● **Task prompt**
Transcribe each entry exactly, without pictures.

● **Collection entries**
----

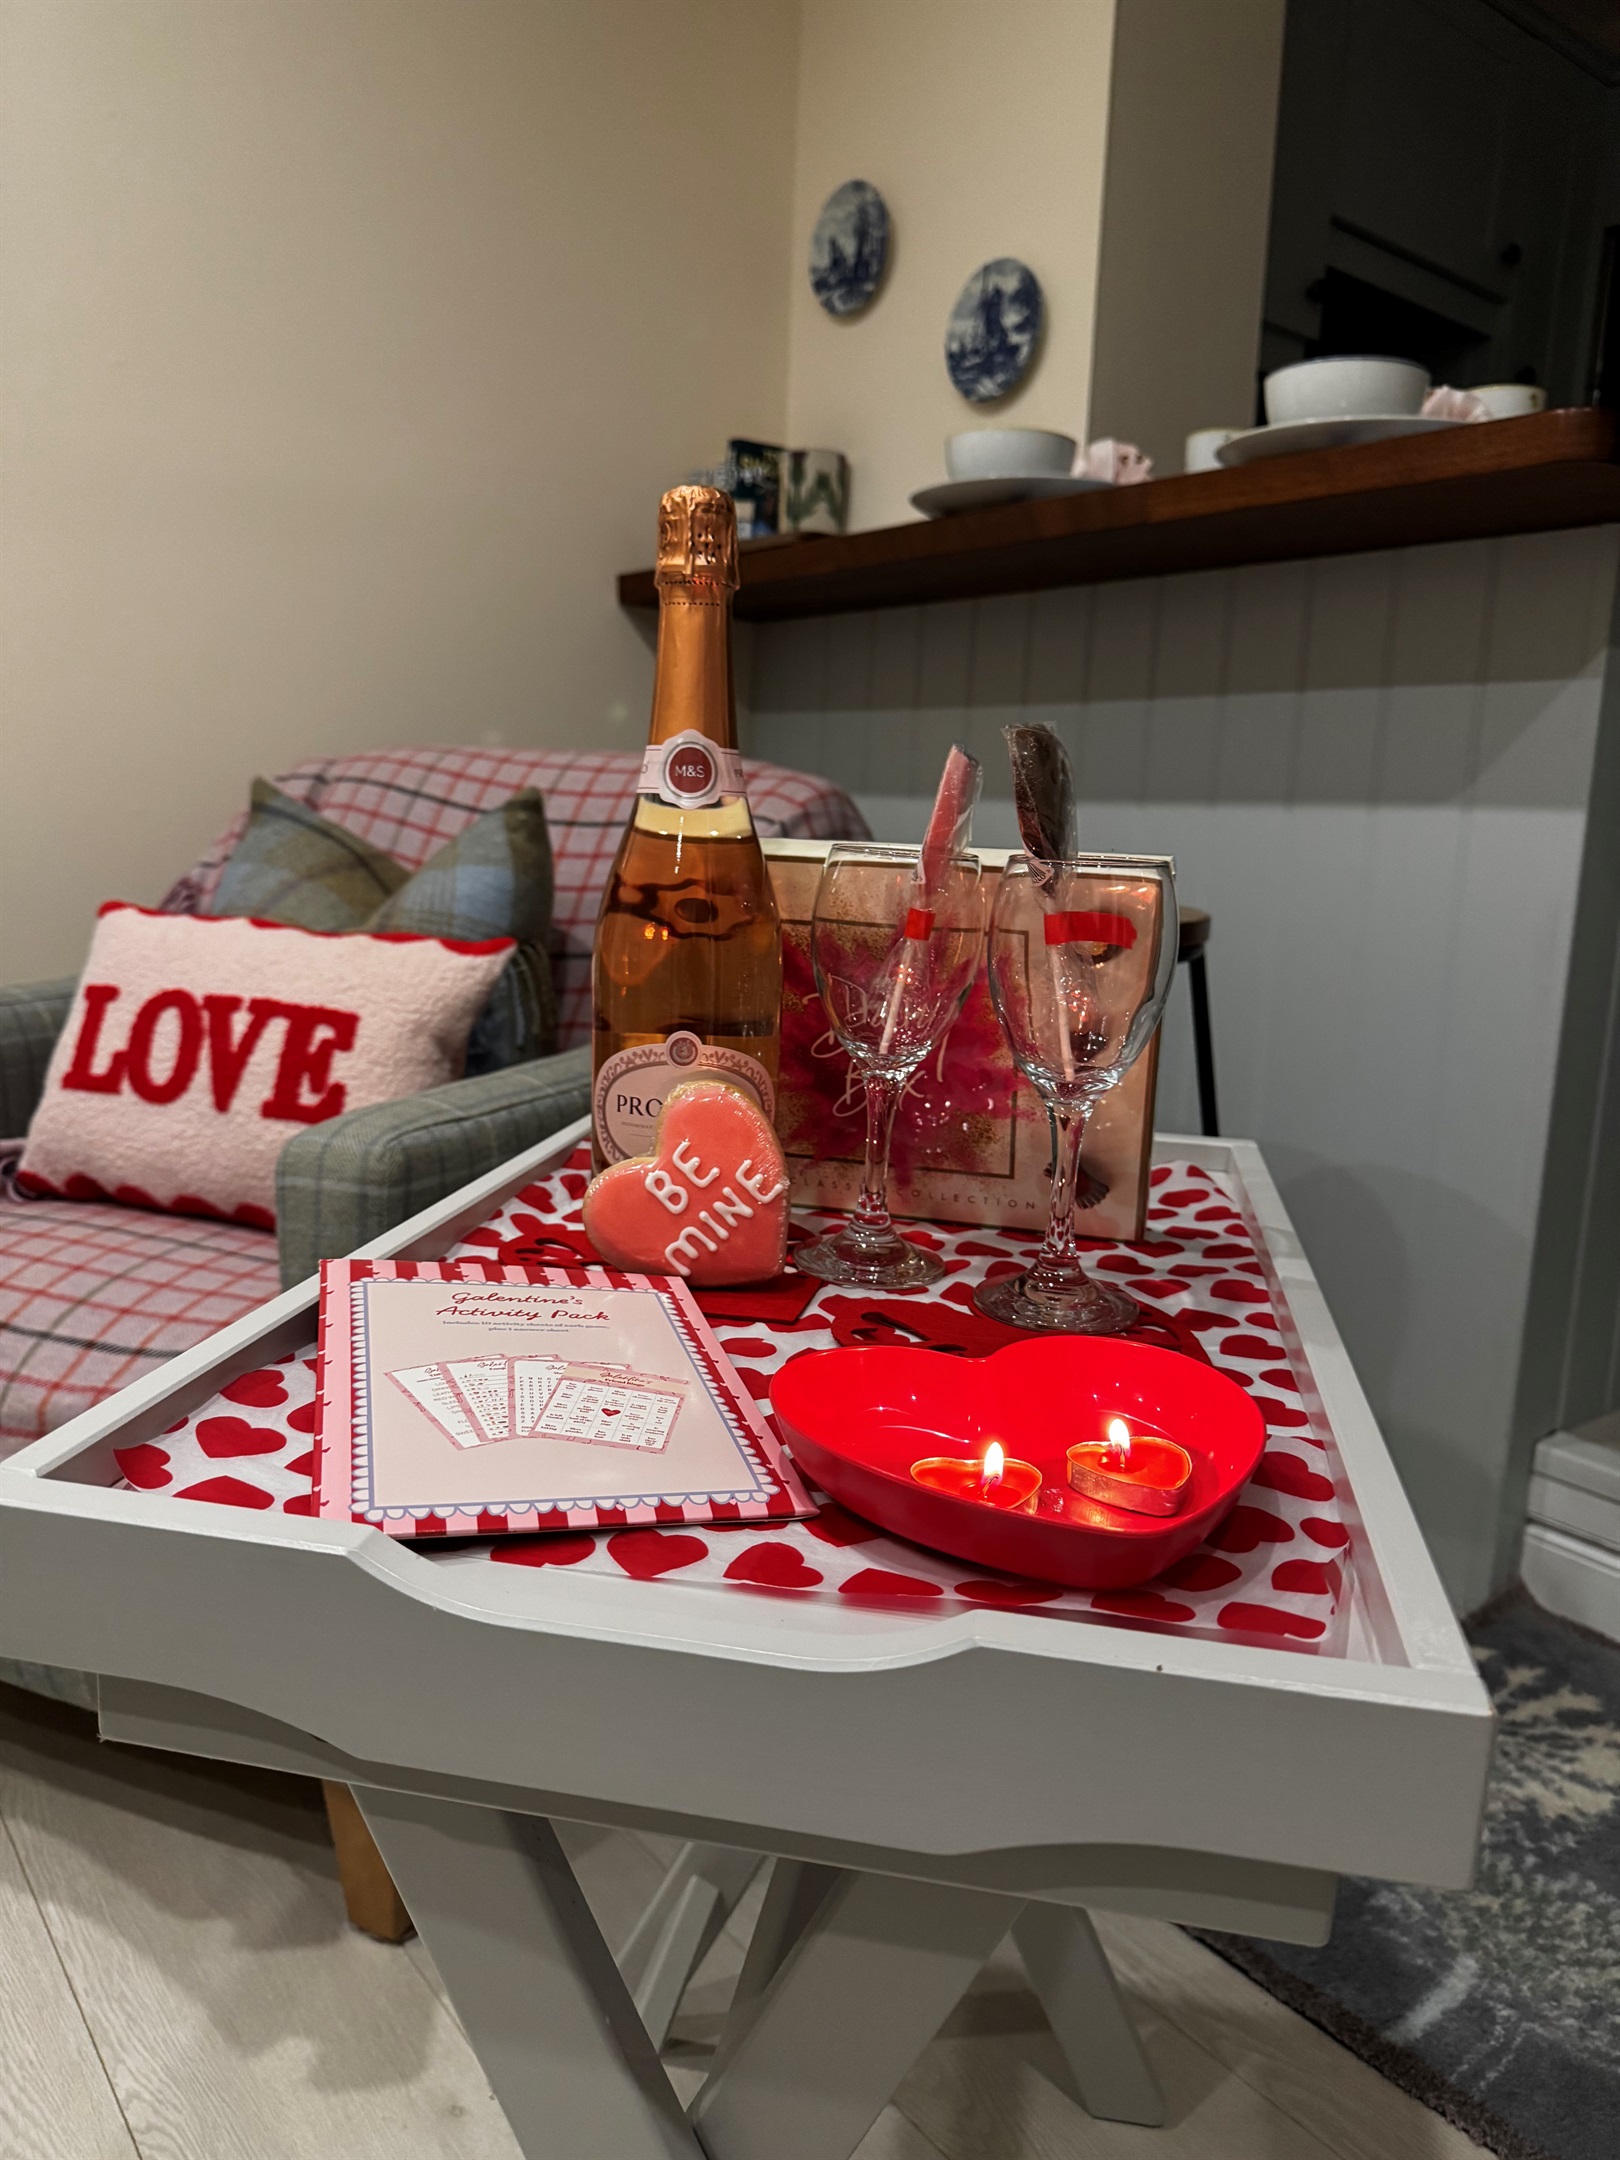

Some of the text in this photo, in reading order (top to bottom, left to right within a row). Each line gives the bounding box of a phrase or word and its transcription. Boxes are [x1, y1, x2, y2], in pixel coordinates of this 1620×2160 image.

[674, 765, 706, 778] M&S
[62, 984, 360, 1125] LOVE
[832, 1056, 926, 1118] Bx
[645, 1138, 721, 1215] BE
[664, 1159, 785, 1277] MINE
[896, 1187, 1036, 1210] COLLECTION
[435, 1305, 611, 1321] Activity Pack
[451, 1291, 584, 1305] Galentine's

----

● **Task answer**
Some of the text in this photo, in reading order (top to bottom, left to right within a row). Each line gives the bounding box of a phrase or word and its transcription. Boxes are [x1, y1, x2, y2], in pixel coordinates of this 1620×2160 image.

[674, 765, 706, 778] M&S
[62, 984, 360, 1125] LOVE
[832, 1056, 926, 1118] Bx
[645, 1138, 721, 1215] BE
[664, 1159, 785, 1277] MINE
[896, 1187, 1036, 1210] COLLECTION
[435, 1305, 611, 1321] Activity Pack
[451, 1291, 584, 1305] Galentine's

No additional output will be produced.